*** Opening MATERIAL FOR THIS TASK ***

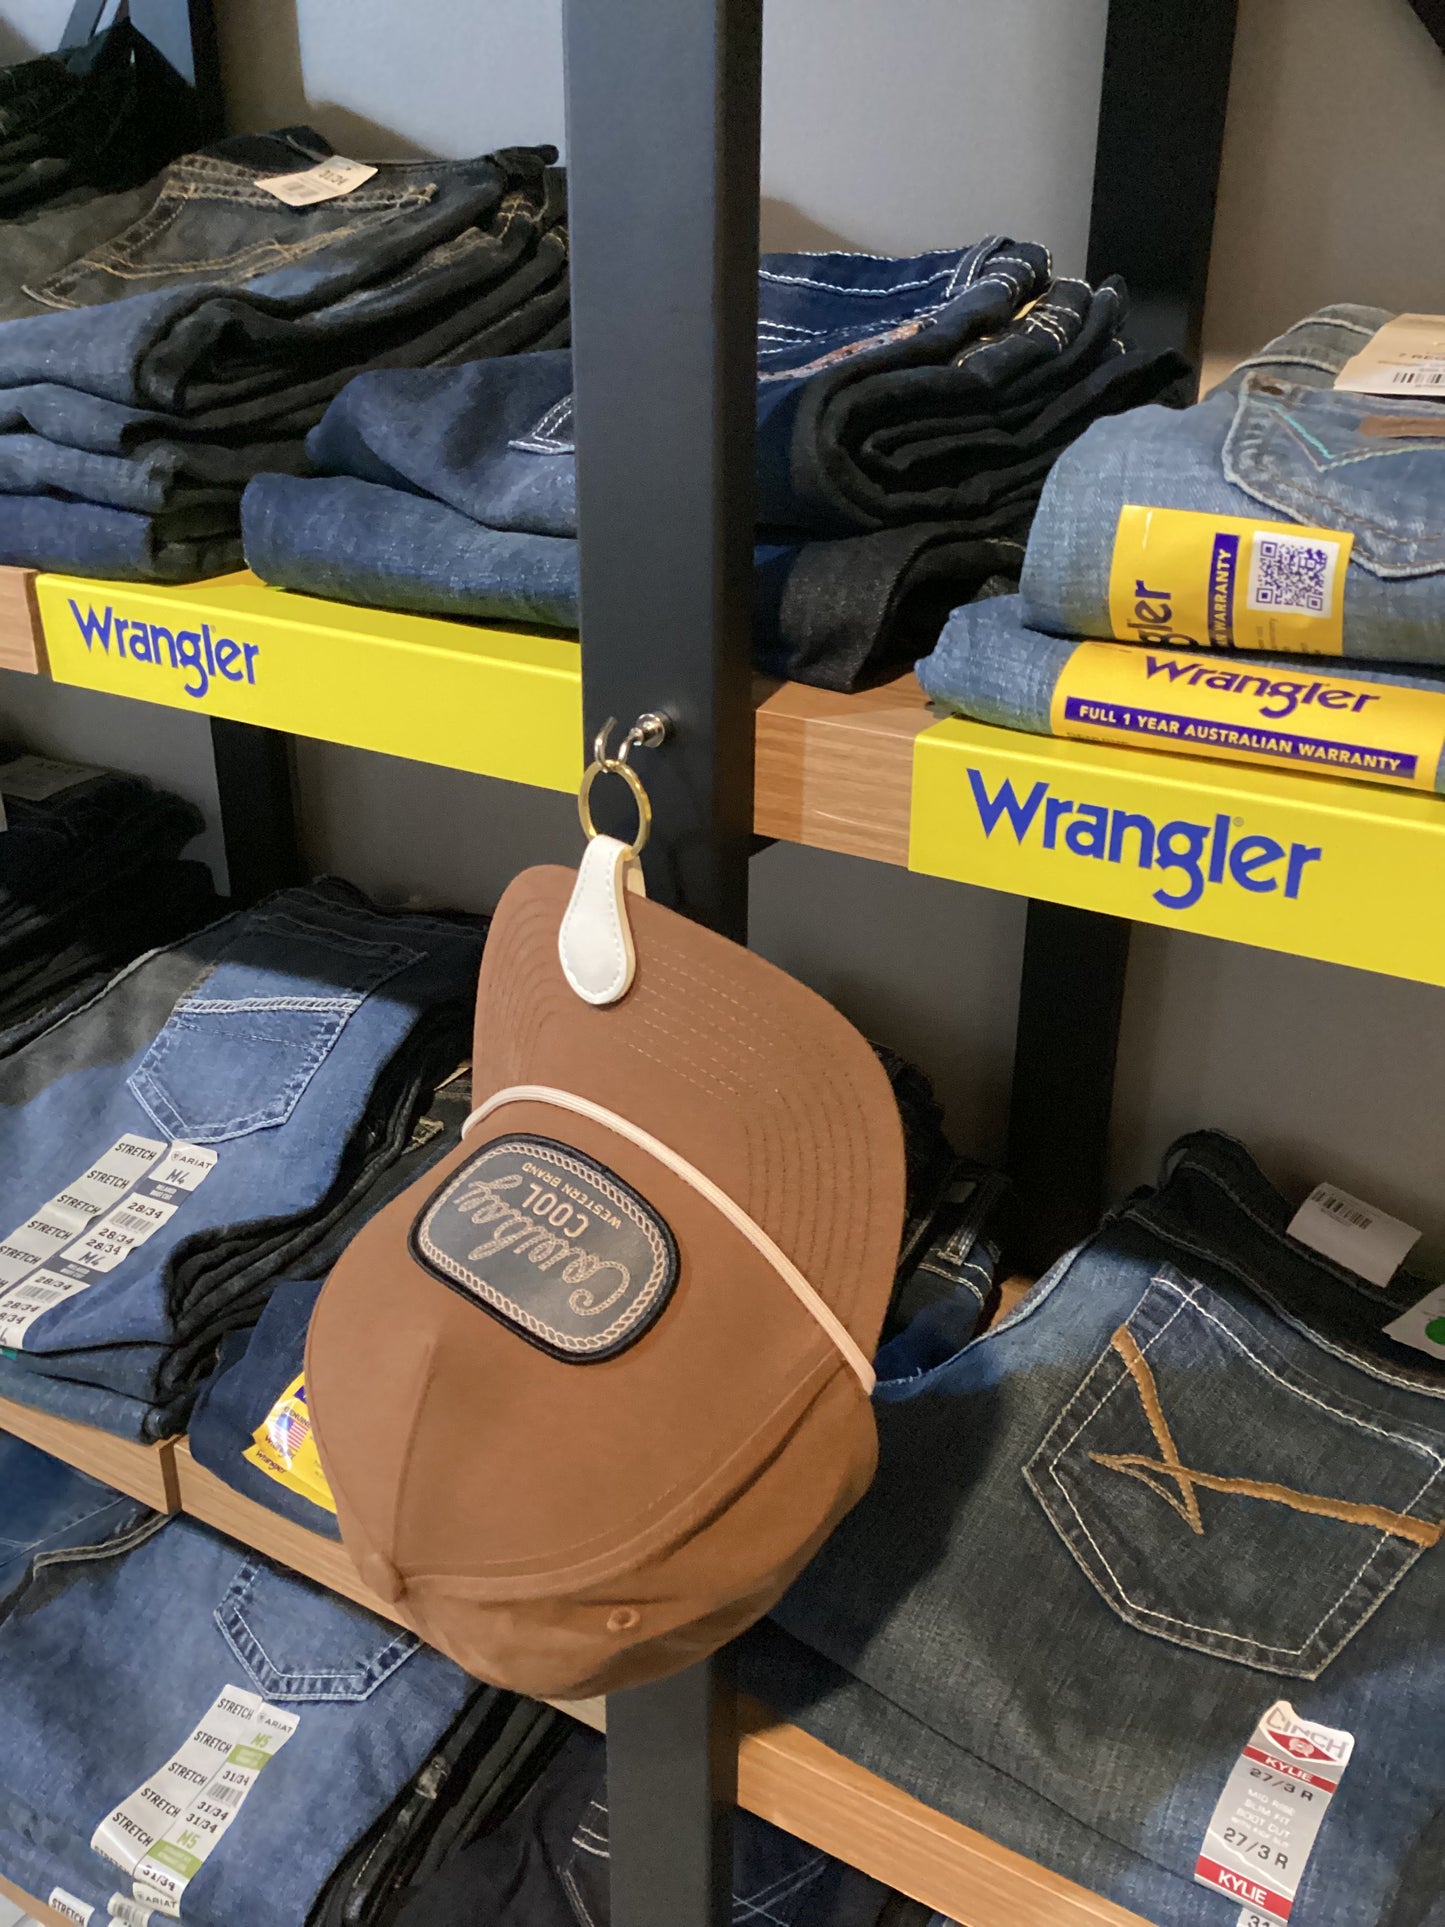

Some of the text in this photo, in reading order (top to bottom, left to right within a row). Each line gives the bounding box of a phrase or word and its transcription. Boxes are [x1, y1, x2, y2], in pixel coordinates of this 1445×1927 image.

[1213, 548, 1232, 634] WARRANTY
[67, 598, 259, 698] Wrangler
[1144, 655, 1380, 719] Wrangler
[1079, 705, 1401, 773] FULL 1 YEAR AUSTRALIAN WARRANTY
[966, 767, 1322, 910] Wrangler
[115, 1142, 157, 1161] STRETCH
[180, 1156, 212, 1169] ARIAT
[86, 1169, 130, 1190] STRETCH
[165, 1168, 190, 1185] M4
[56, 1194, 101, 1215] STRETCH
[521, 1161, 622, 1231] WESTERN BRAND
[127, 1202, 164, 1219] 28/34
[520, 1182, 589, 1239] COOL
[27, 1220, 73, 1240] STRETCH
[98, 1228, 135, 1245] 28/34
[0, 1245, 42, 1265] STRETCH
[85, 1239, 122, 1256] 28/34
[78, 1251, 106, 1267] M4
[34, 1275, 73, 1291] 28/34
[217, 1698, 255, 1721] STRETCH
[264, 1718, 294, 1734] ARIAT
[1266, 1706, 1349, 1759] CINCH
[193, 1730, 232, 1754] STRETCH
[168, 1762, 208, 1786] STRETCH
[222, 1770, 251, 1787] 31/34
[1264, 1756, 1315, 1782] KYLIE
[1249, 1767, 1314, 1802] 27/3 R
[140, 1787, 182, 1818] STRETCH
[197, 1801, 229, 1822] 31/34
[112, 1811, 155, 1847] STRETCH
[186, 1812, 218, 1834] 31/34
[175, 1829, 200, 1850] M5
[1223, 1826, 1271, 1860] 27/3
[1274, 1851, 1289, 1870] R
[1218, 1869, 1268, 1906] KYLIE
[51, 1897, 86, 1926] STRETCH
[145, 1895, 178, 1909] ARIAT

*** Closing MATERIAL FOR THIS TASK ***

**AIM OF THE EXERCISE**
Repeat every record above exactly, except the pictures.

**TASK OUTPUT**
Some of the text in this photo, in reading order (top to bottom, left to right within a row). Each line gives the bounding box of a phrase or word and its transcription. Boxes are [x1, y1, x2, y2], in pixel coordinates of this 1445×1927 image.

[1213, 548, 1232, 634] WARRANTY
[67, 598, 259, 698] Wrangler
[1144, 655, 1380, 719] Wrangler
[1079, 705, 1401, 773] FULL 1 YEAR AUSTRALIAN WARRANTY
[966, 767, 1322, 910] Wrangler
[115, 1142, 157, 1161] STRETCH
[180, 1156, 212, 1169] ARIAT
[86, 1169, 130, 1190] STRETCH
[165, 1168, 190, 1185] M4
[56, 1194, 101, 1215] STRETCH
[521, 1161, 622, 1231] WESTERN BRAND
[127, 1202, 164, 1219] 28/34
[520, 1182, 589, 1239] COOL
[27, 1220, 73, 1240] STRETCH
[98, 1228, 135, 1245] 28/34
[0, 1245, 42, 1265] STRETCH
[85, 1239, 122, 1256] 28/34
[78, 1251, 106, 1267] M4
[34, 1275, 73, 1291] 28/34
[217, 1698, 255, 1721] STRETCH
[264, 1718, 294, 1734] ARIAT
[1266, 1706, 1349, 1759] CINCH
[193, 1730, 232, 1754] STRETCH
[168, 1762, 208, 1786] STRETCH
[222, 1770, 251, 1787] 31/34
[1264, 1756, 1315, 1782] KYLIE
[1249, 1767, 1314, 1802] 27/3 R
[140, 1787, 182, 1818] STRETCH
[197, 1801, 229, 1822] 31/34
[112, 1811, 155, 1847] STRETCH
[186, 1812, 218, 1834] 31/34
[175, 1829, 200, 1850] M5
[1223, 1826, 1271, 1860] 27/3
[1274, 1851, 1289, 1870] R
[1218, 1869, 1268, 1906] KYLIE
[51, 1897, 86, 1926] STRETCH
[145, 1895, 178, 1909] ARIAT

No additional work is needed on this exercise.